## WHAT YOU NEED TO DO
Exact repetition of the data is the whole task.

== DATA IN THIS EXERCISE ==

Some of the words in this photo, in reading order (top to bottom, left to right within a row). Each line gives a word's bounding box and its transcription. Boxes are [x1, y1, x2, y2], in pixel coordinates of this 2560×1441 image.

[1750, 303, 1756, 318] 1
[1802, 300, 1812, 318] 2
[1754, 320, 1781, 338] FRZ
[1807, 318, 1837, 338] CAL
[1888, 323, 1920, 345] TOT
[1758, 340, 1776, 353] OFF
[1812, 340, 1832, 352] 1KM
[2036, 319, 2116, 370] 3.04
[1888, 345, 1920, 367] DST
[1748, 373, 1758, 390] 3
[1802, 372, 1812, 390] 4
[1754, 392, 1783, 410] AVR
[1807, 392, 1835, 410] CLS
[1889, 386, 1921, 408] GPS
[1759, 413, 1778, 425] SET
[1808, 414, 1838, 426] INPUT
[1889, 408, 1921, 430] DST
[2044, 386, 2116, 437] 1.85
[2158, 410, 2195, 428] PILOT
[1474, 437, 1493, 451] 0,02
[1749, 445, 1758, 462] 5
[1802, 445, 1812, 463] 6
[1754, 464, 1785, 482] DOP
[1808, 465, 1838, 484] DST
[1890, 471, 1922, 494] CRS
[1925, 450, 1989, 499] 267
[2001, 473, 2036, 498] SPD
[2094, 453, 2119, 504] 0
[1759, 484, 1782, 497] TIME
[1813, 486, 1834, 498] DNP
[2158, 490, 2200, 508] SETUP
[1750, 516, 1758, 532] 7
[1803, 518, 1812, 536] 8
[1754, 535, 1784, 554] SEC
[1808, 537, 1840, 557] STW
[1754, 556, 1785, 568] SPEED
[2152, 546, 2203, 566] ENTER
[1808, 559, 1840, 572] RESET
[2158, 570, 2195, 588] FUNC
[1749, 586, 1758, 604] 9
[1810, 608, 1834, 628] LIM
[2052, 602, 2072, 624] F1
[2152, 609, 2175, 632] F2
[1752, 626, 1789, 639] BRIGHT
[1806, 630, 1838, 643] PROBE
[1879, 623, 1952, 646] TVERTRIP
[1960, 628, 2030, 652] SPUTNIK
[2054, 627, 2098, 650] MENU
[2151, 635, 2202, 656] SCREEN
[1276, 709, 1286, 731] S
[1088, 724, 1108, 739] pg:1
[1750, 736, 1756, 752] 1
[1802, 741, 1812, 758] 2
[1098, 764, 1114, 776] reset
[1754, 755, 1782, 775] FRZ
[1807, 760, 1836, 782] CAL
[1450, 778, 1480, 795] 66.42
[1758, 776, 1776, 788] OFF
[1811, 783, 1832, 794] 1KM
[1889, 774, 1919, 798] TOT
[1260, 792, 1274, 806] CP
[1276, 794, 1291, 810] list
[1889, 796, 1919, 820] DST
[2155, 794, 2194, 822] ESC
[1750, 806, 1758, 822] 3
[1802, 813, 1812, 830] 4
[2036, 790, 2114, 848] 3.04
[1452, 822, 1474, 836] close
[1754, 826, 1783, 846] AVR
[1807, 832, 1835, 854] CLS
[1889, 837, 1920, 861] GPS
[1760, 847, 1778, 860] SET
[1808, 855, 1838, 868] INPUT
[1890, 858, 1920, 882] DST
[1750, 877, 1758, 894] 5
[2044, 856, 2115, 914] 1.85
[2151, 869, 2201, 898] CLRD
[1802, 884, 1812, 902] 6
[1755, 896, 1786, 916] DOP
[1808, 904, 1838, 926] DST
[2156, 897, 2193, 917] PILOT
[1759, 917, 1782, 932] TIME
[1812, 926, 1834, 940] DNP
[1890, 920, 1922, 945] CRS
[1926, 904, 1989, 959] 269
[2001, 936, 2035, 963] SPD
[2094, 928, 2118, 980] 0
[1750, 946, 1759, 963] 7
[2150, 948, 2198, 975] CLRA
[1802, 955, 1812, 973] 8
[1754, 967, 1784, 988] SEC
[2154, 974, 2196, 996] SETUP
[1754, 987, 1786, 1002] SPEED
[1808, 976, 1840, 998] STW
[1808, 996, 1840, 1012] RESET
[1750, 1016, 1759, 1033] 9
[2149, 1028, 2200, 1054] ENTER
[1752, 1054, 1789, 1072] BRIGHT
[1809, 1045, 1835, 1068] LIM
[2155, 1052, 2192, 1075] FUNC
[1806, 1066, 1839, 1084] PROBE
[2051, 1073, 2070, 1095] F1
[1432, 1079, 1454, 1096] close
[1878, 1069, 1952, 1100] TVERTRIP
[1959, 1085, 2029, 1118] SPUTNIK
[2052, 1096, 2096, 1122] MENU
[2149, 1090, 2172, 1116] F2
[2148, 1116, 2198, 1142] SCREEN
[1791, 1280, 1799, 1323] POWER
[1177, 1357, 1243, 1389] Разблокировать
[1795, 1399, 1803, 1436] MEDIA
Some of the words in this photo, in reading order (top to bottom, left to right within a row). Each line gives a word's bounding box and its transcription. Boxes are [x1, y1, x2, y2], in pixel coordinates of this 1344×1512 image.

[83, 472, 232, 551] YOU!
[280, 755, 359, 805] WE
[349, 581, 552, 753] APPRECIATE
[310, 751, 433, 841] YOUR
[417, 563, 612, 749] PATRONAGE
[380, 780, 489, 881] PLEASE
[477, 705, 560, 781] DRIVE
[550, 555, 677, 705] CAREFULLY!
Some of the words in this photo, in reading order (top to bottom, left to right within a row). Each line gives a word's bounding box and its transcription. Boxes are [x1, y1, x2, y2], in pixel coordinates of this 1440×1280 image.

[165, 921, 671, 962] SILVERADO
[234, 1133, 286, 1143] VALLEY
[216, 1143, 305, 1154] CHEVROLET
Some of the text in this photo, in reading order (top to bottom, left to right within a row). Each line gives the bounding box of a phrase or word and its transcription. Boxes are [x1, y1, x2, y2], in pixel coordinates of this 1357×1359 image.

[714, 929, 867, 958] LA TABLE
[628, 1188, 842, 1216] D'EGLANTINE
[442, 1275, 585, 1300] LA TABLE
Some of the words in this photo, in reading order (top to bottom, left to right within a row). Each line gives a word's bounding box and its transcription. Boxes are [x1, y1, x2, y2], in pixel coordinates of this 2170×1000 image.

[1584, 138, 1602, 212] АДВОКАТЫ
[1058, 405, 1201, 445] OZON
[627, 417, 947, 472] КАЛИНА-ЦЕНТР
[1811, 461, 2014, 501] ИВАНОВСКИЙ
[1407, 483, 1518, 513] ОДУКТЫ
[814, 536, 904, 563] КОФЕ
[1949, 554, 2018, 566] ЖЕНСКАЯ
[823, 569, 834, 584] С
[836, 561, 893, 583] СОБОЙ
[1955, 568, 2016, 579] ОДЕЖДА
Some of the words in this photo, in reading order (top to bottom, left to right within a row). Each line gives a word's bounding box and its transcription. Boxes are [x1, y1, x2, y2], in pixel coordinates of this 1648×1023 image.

===

## TASK OUTPUT
Some of the words in this photo, in reading order (top to bottom, left to right within a row). Each line gives a word's bounding box and its transcription. Boxes are [x1, y1, x2, y2], in pixel coordinates of this 2560×1441 image.

[1750, 303, 1756, 318] 1
[1802, 300, 1812, 318] 2
[1754, 320, 1781, 338] FRZ
[1807, 318, 1837, 338] CAL
[1888, 323, 1920, 345] TOT
[1758, 340, 1776, 353] OFF
[1812, 340, 1832, 352] 1KM
[2036, 319, 2116, 370] 3.04
[1888, 345, 1920, 367] DST
[1748, 373, 1758, 390] 3
[1802, 372, 1812, 390] 4
[1754, 392, 1783, 410] AVR
[1807, 392, 1835, 410] CLS
[1889, 386, 1921, 408] GPS
[1759, 413, 1778, 425] SET
[1808, 414, 1838, 426] INPUT
[1889, 408, 1921, 430] DST
[2044, 386, 2116, 437] 1.85
[2158, 410, 2195, 428] PILOT
[1474, 437, 1493, 451] 0,02
[1749, 445, 1758, 462] 5
[1802, 445, 1812, 463] 6
[1754, 464, 1785, 482] DOP
[1808, 465, 1838, 484] DST
[1890, 471, 1922, 494] CRS
[1925, 450, 1989, 499] 267
[2001, 473, 2036, 498] SPD
[2094, 453, 2119, 504] 0
[1759, 484, 1782, 497] TIME
[1813, 486, 1834, 498] DNP
[2158, 490, 2200, 508] SETUP
[1750, 516, 1758, 532] 7
[1803, 518, 1812, 536] 8
[1754, 535, 1784, 554] SEC
[1808, 537, 1840, 557] STW
[1754, 556, 1785, 568] SPEED
[2152, 546, 2203, 566] ENTER
[1808, 559, 1840, 572] RESET
[2158, 570, 2195, 588] FUNC
[1749, 586, 1758, 604] 9
[1810, 608, 1834, 628] LIM
[2052, 602, 2072, 624] F1
[2152, 609, 2175, 632] F2
[1752, 626, 1789, 639] BRIGHT
[1806, 630, 1838, 643] PROBE
[1879, 623, 1952, 646] TVERTRIP
[1960, 628, 2030, 652] SPUTNIK
[2054, 627, 2098, 650] MENU
[2151, 635, 2202, 656] SCREEN
[1276, 709, 1286, 731] S
[1088, 724, 1108, 739] pg:1
[1750, 736, 1756, 752] 1
[1802, 741, 1812, 758] 2
[1098, 764, 1114, 776] reset
[1754, 755, 1782, 775] FRZ
[1807, 760, 1836, 782] CAL
[1450, 778, 1480, 795] 66.42
[1758, 776, 1776, 788] OFF
[1811, 783, 1832, 794] 1KM
[1889, 774, 1919, 798] TOT
[1260, 792, 1274, 806] CP
[1276, 794, 1291, 810] list
[1889, 796, 1919, 820] DST
[2155, 794, 2194, 822] ESC
[1750, 806, 1758, 822] 3
[1802, 813, 1812, 830] 4
[2036, 790, 2114, 848] 3.04
[1452, 822, 1474, 836] close
[1754, 826, 1783, 846] AVR
[1807, 832, 1835, 854] CLS
[1889, 837, 1920, 861] GPS
[1760, 847, 1778, 860] SET
[1808, 855, 1838, 868] INPUT
[1890, 858, 1920, 882] DST
[1750, 877, 1758, 894] 5
[2044, 856, 2115, 914] 1.85
[2151, 869, 2201, 898] CLRD
[1802, 884, 1812, 902] 6
[1755, 896, 1786, 916] DOP
[1808, 904, 1838, 926] DST
[2156, 897, 2193, 917] PILOT
[1759, 917, 1782, 932] TIME
[1812, 926, 1834, 940] DNP
[1890, 920, 1922, 945] CRS
[1926, 904, 1989, 959] 269
[2001, 936, 2035, 963] SPD
[2094, 928, 2118, 980] 0
[1750, 946, 1759, 963] 7
[2150, 948, 2198, 975] CLRA
[1802, 955, 1812, 973] 8
[1754, 967, 1784, 988] SEC
[2154, 974, 2196, 996] SETUP
[1754, 987, 1786, 1002] SPEED
[1808, 976, 1840, 998] STW
[1808, 996, 1840, 1012] RESET
[1750, 1016, 1759, 1033] 9
[2149, 1028, 2200, 1054] ENTER
[1752, 1054, 1789, 1072] BRIGHT
[1809, 1045, 1835, 1068] LIM
[2155, 1052, 2192, 1075] FUNC
[1806, 1066, 1839, 1084] PROBE
[2051, 1073, 2070, 1095] F1
[1432, 1079, 1454, 1096] close
[1878, 1069, 1952, 1100] TVERTRIP
[1959, 1085, 2029, 1118] SPUTNIK
[2052, 1096, 2096, 1122] MENU
[2149, 1090, 2172, 1116] F2
[2148, 1116, 2198, 1142] SCREEN
[1791, 1280, 1799, 1323] POWER
[1177, 1357, 1243, 1389] Разблокировать
[1795, 1399, 1803, 1436] MEDIA
Some of the words in this photo, in reading order (top to bottom, left to right within a row). Each line gives a word's bounding box and its transcription. Boxes are [x1, y1, x2, y2], in pixel coordinates of this 1344×1512 image.

[83, 472, 232, 551] YOU!
[280, 755, 359, 805] WE
[349, 581, 552, 753] APPRECIATE
[310, 751, 433, 841] YOUR
[417, 563, 612, 749] PATRONAGE
[380, 780, 489, 881] PLEASE
[477, 705, 560, 781] DRIVE
[550, 555, 677, 705] CAREFULLY!
Some of the words in this photo, in reading order (top to bottom, left to right within a row). Each line gives a word's bounding box and its transcription. Boxes are [x1, y1, x2, y2], in pixel coordinates of this 1440×1280 image.

[165, 921, 671, 962] SILVERADO
[234, 1133, 286, 1143] VALLEY
[216, 1143, 305, 1154] CHEVROLET
Some of the text in this photo, in reading order (top to bottom, left to right within a row). Each line gives the bounding box of a phrase or word and its transcription. Boxes are [x1, y1, x2, y2], in pixel coordinates of this 1357×1359 image.

[714, 929, 867, 958] LA TABLE
[628, 1188, 842, 1216] D'EGLANTINE
[442, 1275, 585, 1300] LA TABLE
Some of the words in this photo, in reading order (top to bottom, left to right within a row). Each line gives a word's bounding box and its transcription. Boxes are [x1, y1, x2, y2], in pixel coordinates of this 2170×1000 image.

[1584, 138, 1602, 212] АДВОКАТЫ
[1058, 405, 1201, 445] OZON
[627, 417, 947, 472] КАЛИНА-ЦЕНТР
[1811, 461, 2014, 501] ИВАНОВСКИЙ
[1407, 483, 1518, 513] ОДУКТЫ
[814, 536, 904, 563] КОФЕ
[1949, 554, 2018, 566] ЖЕНСКАЯ
[823, 569, 834, 584] С
[836, 561, 893, 583] СОБОЙ
[1955, 568, 2016, 579] ОДЕЖДА
Some of the words in this photo, in reading order (top to bottom, left to right within a row). Each line gives a word's bounding box and its transcription. Boxes are [x1, y1, x2, y2], in pixel coordinates of this 1648×1023 image.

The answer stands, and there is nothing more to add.